# Prayers, please



## tropicalsun (May 21, 2004)

I'm heading out on another mission trip to West Africa and to Spain in the morning. I've appreciated the prayers from this board in the past and would like to ask you prayer warriors to pray once again.

God bless,
tropicalsun
Rob


----------



## BigRoo (Jul 26, 2009)

You got em...

Prayers Sent for a safe trip and return home...

God Speed...


----------



## FISHNNUTT (Oct 27, 2007)

PRAYERS SENT


----------



## jimk (May 28, 2004)

Absolutely....when are you returning?


----------



## tropicalsun (May 21, 2004)

I'll be back on the 24th.


----------



## Livininlogs (Oct 12, 2005)

Our prayers going with you


----------



## REELING 65 (Aug 18, 2009)

Prayers sent


----------



## Bonito (Nov 17, 2008)

Father, we lift up Rob and the missionary group to you. We pray you will protect them in every way on their trip. We ask you to pour out your Holy Spirit upon them and equip them with your power to carry out your work in West Africa and Spain. May You be glorified in their ministry. In Jesus' name we pray.


----------



## tropicalsun (May 21, 2004)

UPDATE - thanks for the prayers. Things are going extremely well. I've spent the last four days having my eyes opened a little wider. I was blessed with the opportunity to disciple a few key leaders from countries where christian persecution is very, very real.
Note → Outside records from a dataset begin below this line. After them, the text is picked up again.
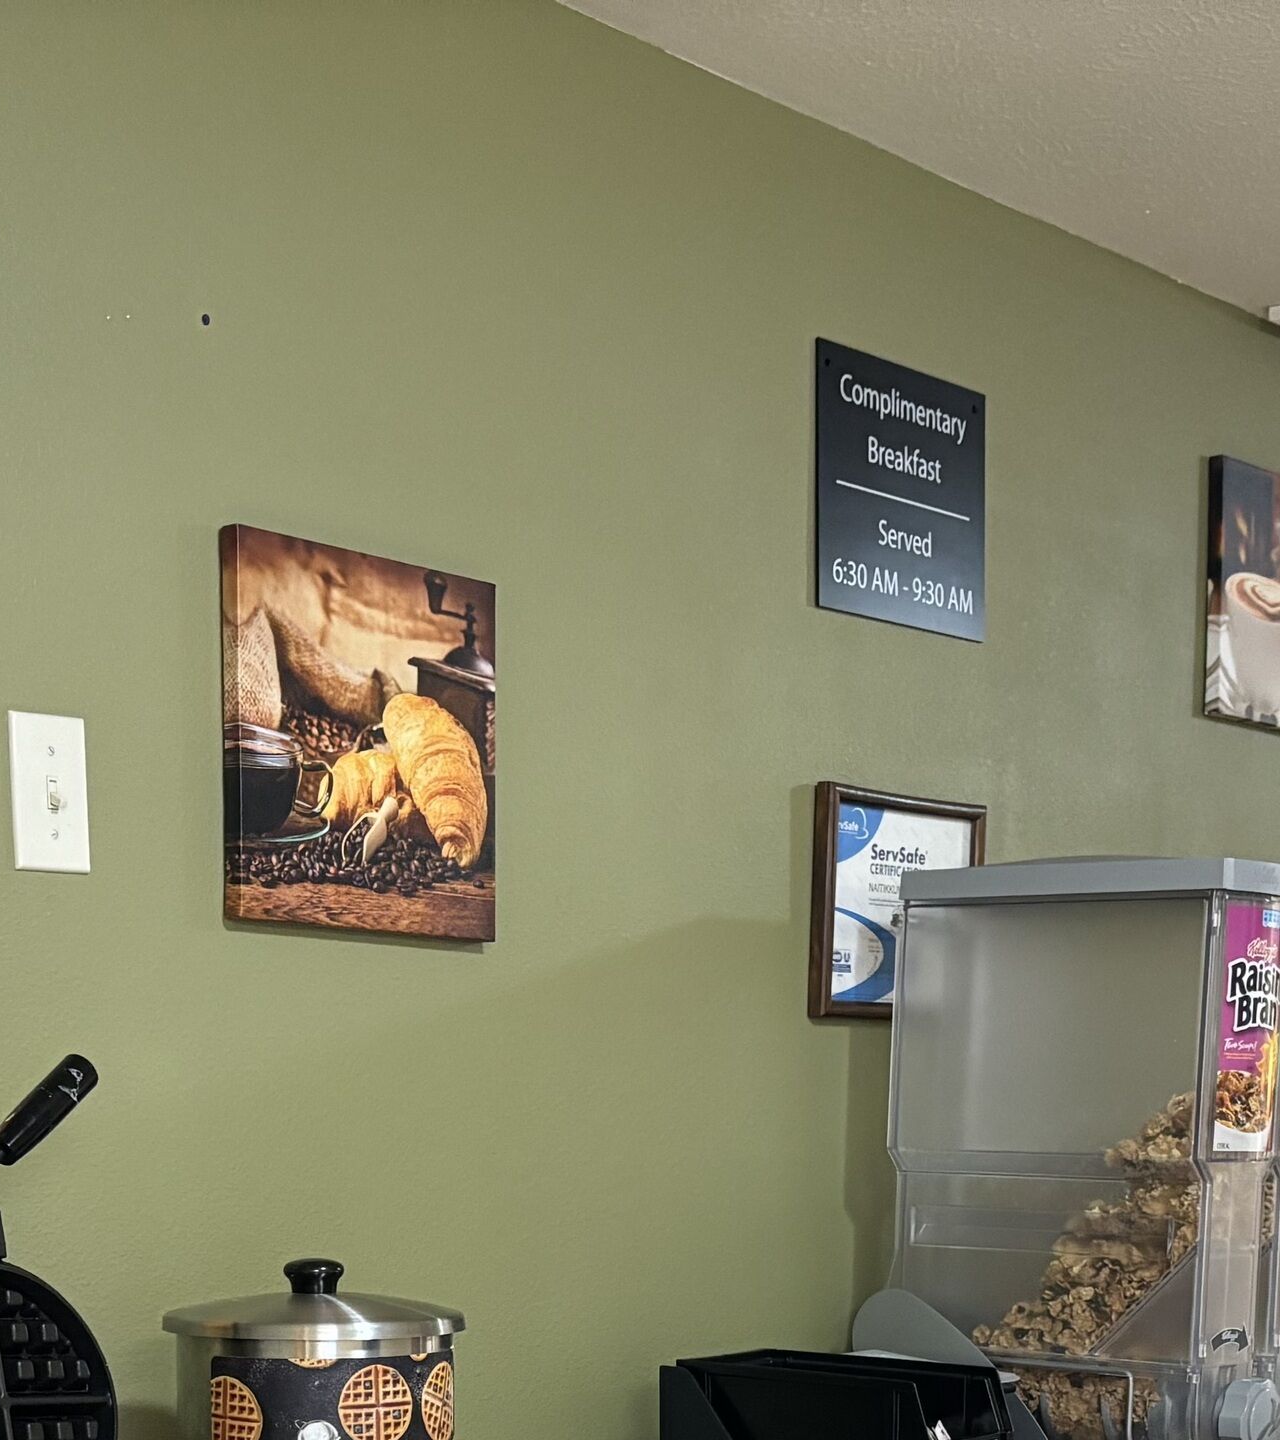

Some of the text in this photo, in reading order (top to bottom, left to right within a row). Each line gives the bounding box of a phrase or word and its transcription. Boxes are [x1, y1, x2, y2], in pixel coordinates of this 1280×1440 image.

[840, 374, 966, 445] Complimentary
[868, 436, 942, 483] Breakfast
[878, 520, 932, 557] Served
[832, 558, 867, 589] 6:30
[872, 566, 898, 596] AM
[912, 578, 944, 608] 9:30
[948, 586, 973, 615] AM
[871, 844, 926, 865] ServSafe
[1237, 995, 1276, 1027] Bran
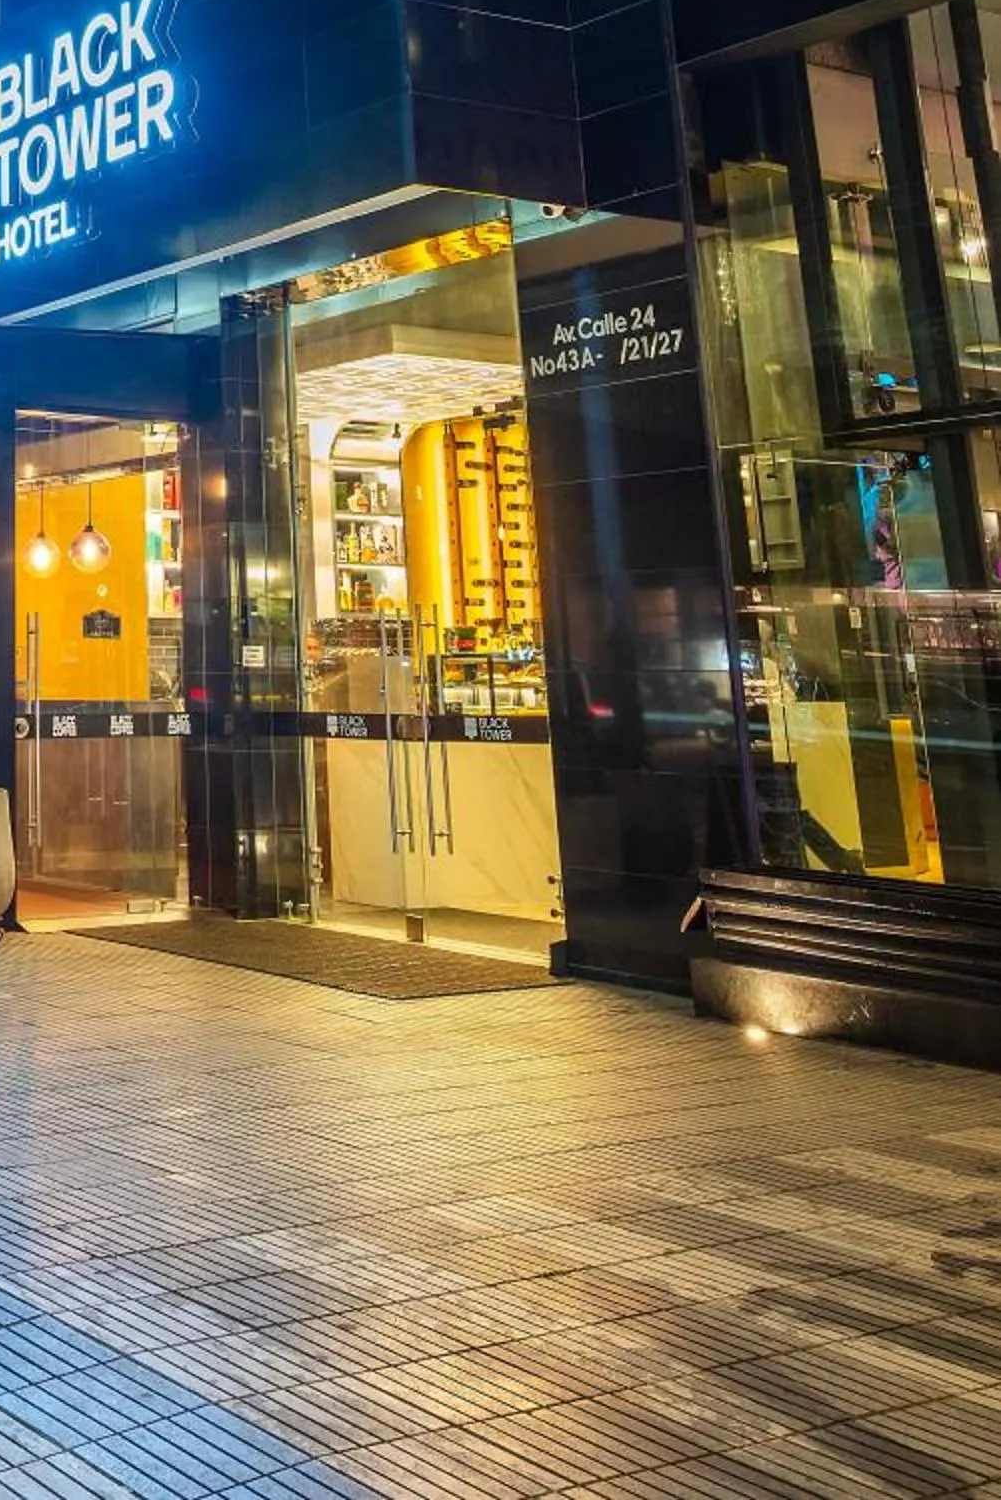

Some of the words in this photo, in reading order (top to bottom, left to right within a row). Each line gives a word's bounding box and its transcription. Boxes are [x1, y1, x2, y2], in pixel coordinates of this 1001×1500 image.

[577, 312, 628, 340] Calle
[630, 303, 656, 331] 24
[338, 715, 366, 726] BLACK
[478, 717, 509, 729] BLACK
[479, 729, 512, 741] TOWER
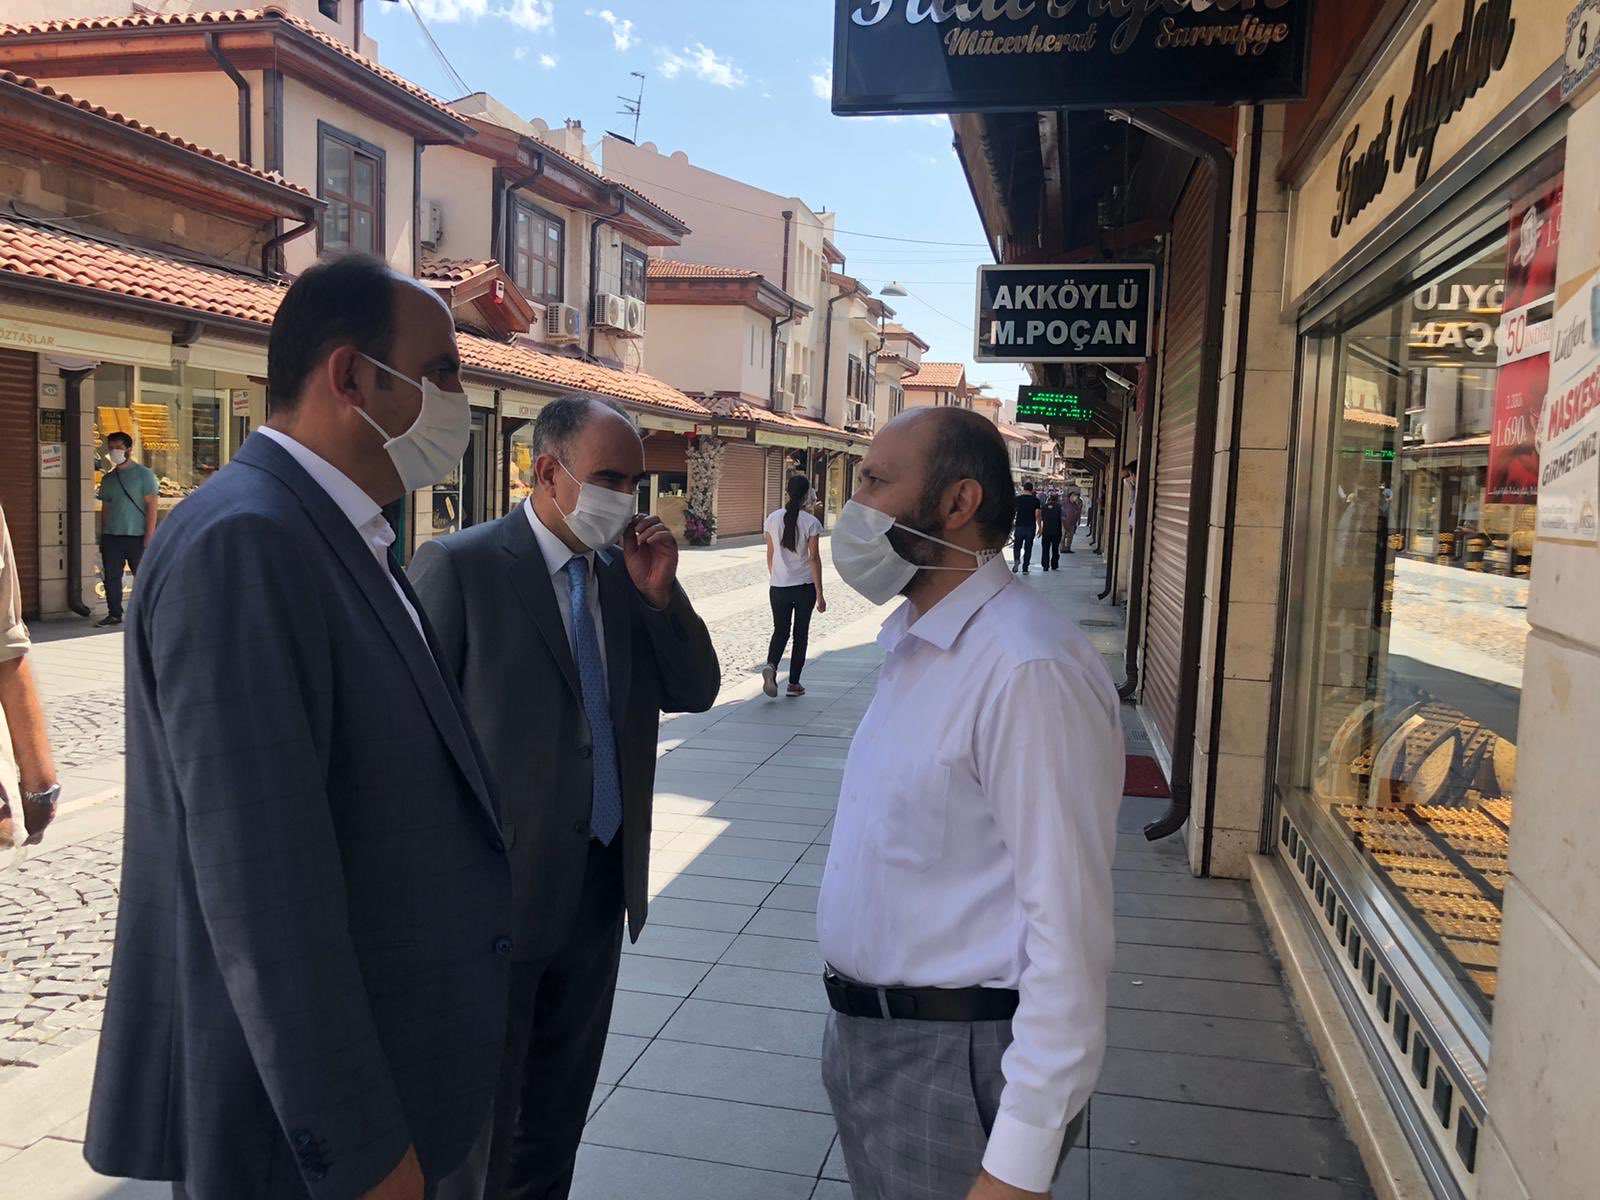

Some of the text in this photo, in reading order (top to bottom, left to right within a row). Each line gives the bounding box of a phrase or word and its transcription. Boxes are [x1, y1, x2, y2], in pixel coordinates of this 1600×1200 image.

[944, 14, 1289, 56] Mücevherat Sarrafiye
[1577, 21, 1588, 60] 8
[992, 278, 1139, 310] AKKÖYLÜ
[990, 319, 1138, 351] M.POÇAN
[1506, 314, 1526, 357] 50
[1554, 314, 1586, 363] Lütfen
[1547, 365, 1600, 442] MASKESİ
[1542, 431, 1597, 487] GİRMEYİNİZ
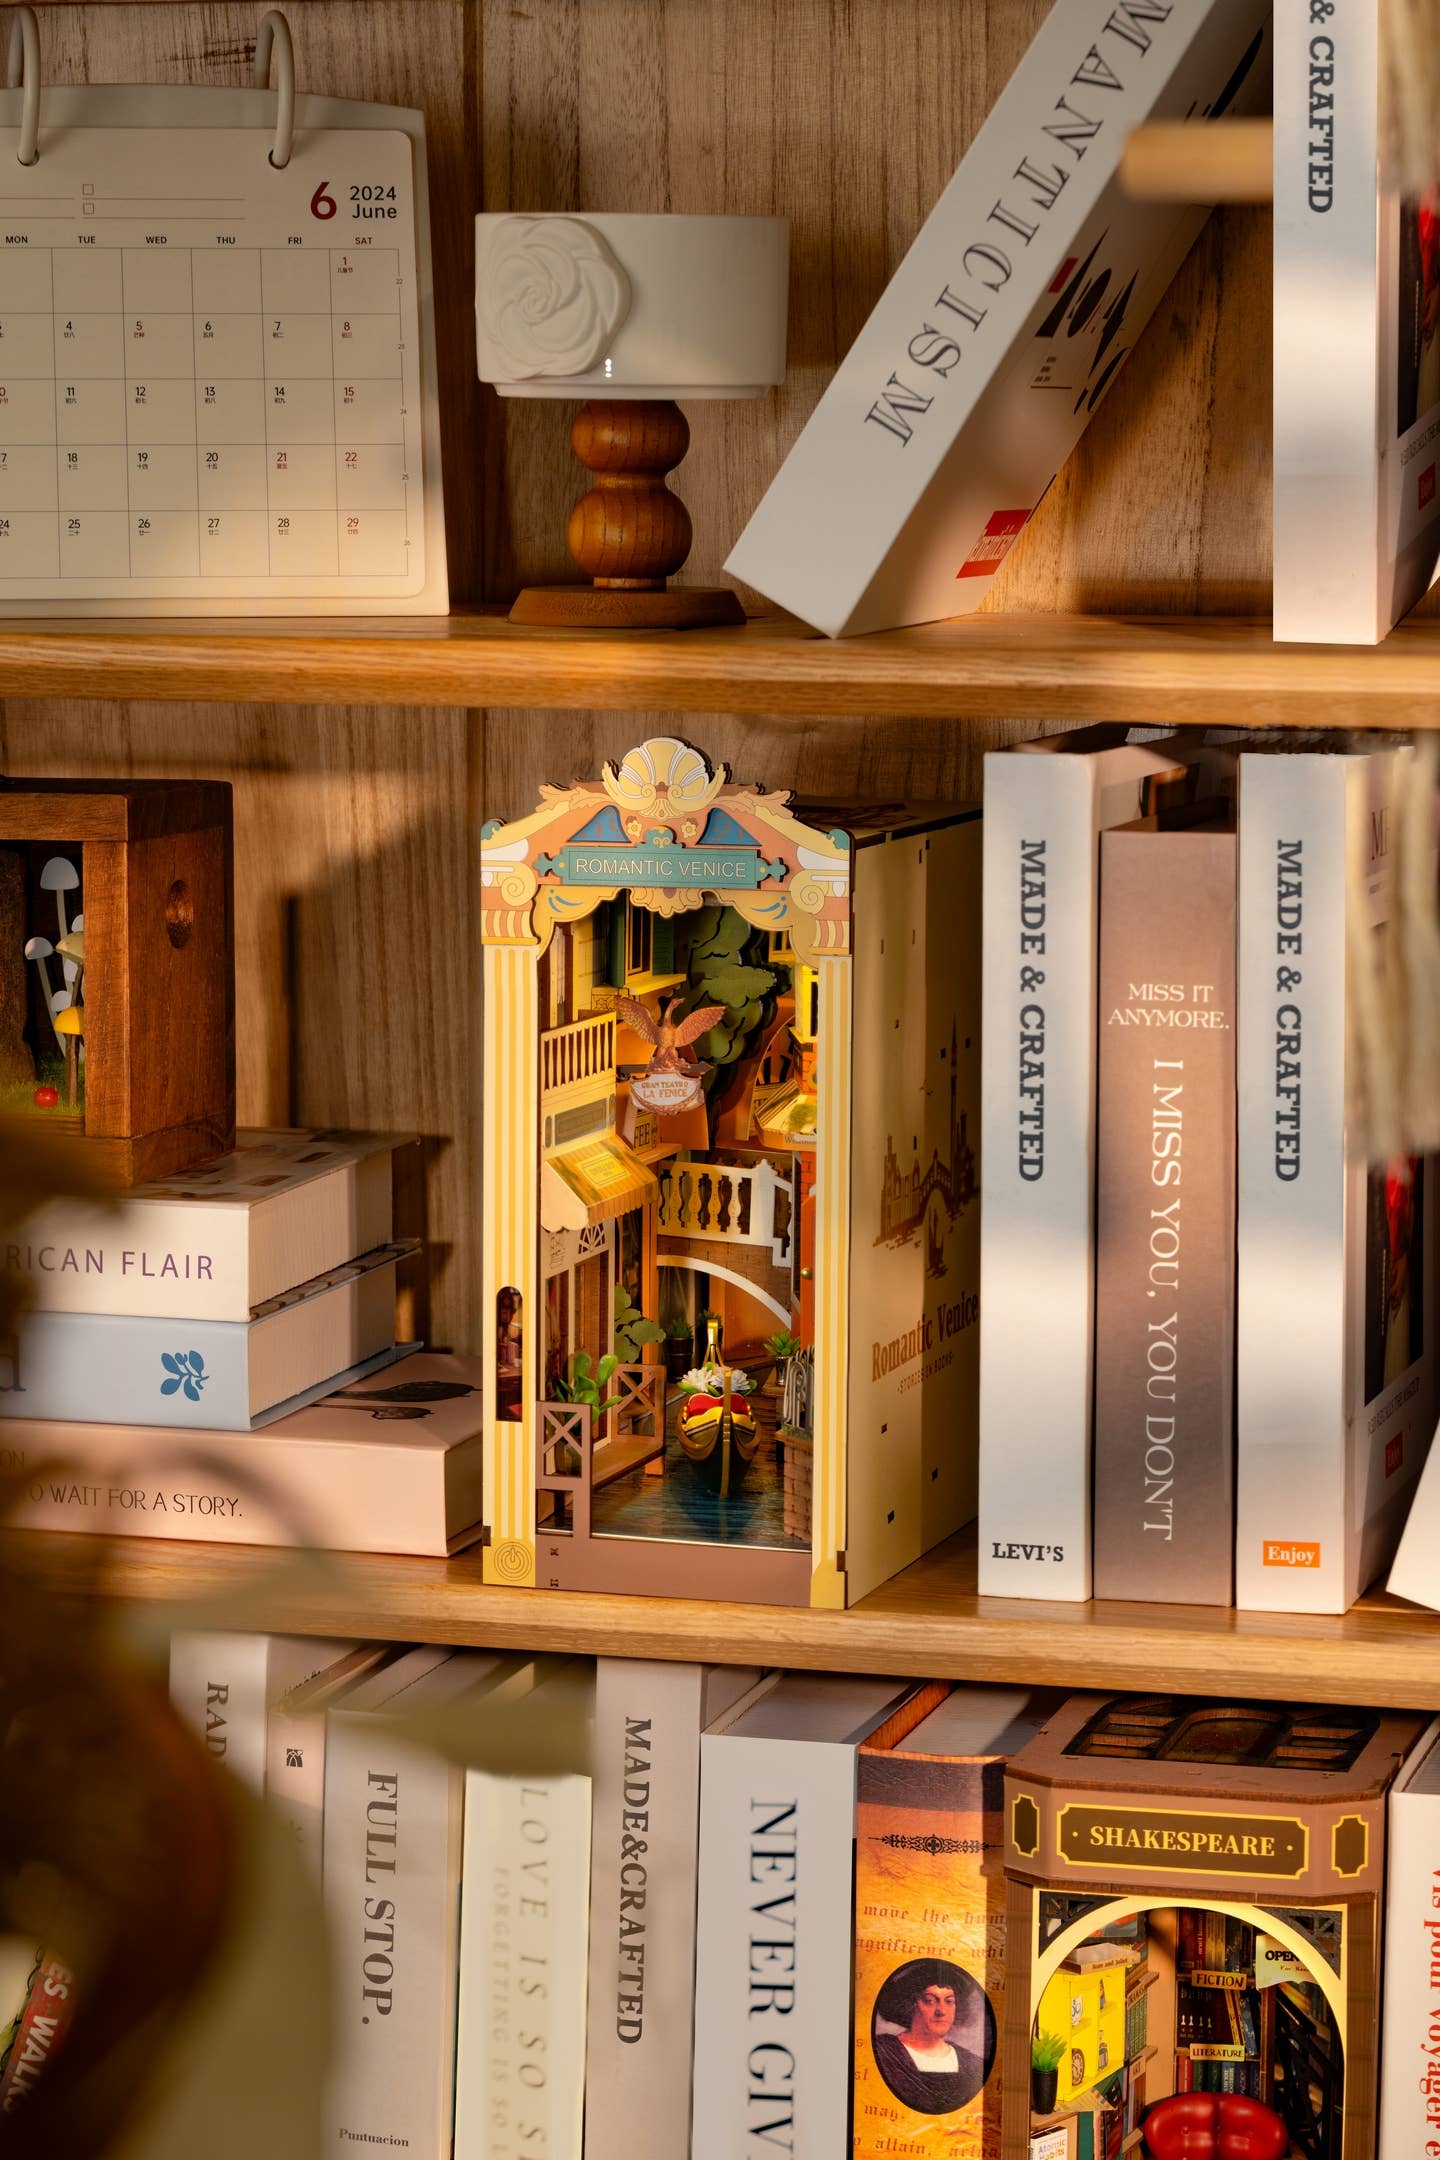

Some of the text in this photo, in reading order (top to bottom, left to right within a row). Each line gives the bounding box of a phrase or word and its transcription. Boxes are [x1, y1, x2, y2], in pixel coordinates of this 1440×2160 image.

One of them was released from jail just days before our meeting. Another of this group was killed in January. Amazing what these guys go through. Keep praying.

God bless,
Rob


----------



## Reel Time (Oct 6, 2009)

tropicalsun said:


> UPDATE - thanks for the prayers. Things are going extremely well. I've spent the last four days having my eyes opened a little wider. I was blessed with the opportunity to disciple a few key leaders from countries where christian persecution is very, very real. One of them was released from jail just days before our meeting. Another of this group was killed in January. Amazing what these guys go through. Keep praying.
> 
> God bless,
> Rob


Prayers still going up Pastor. May the Holy Spirit guide you in all that you do and say.
RT


----------



## Die Terrorists Die (Sep 18, 2009)

Prayers up-


----------



## DigDog57 (Dec 29, 2009)

Prayers sent!!!


----------



## tropicalsun (May 21, 2004)

Thank you for all your prayers. I returned home last night after a very successful trip. Please remember the persecuted church in your prayers.

God bless,
Rob


----------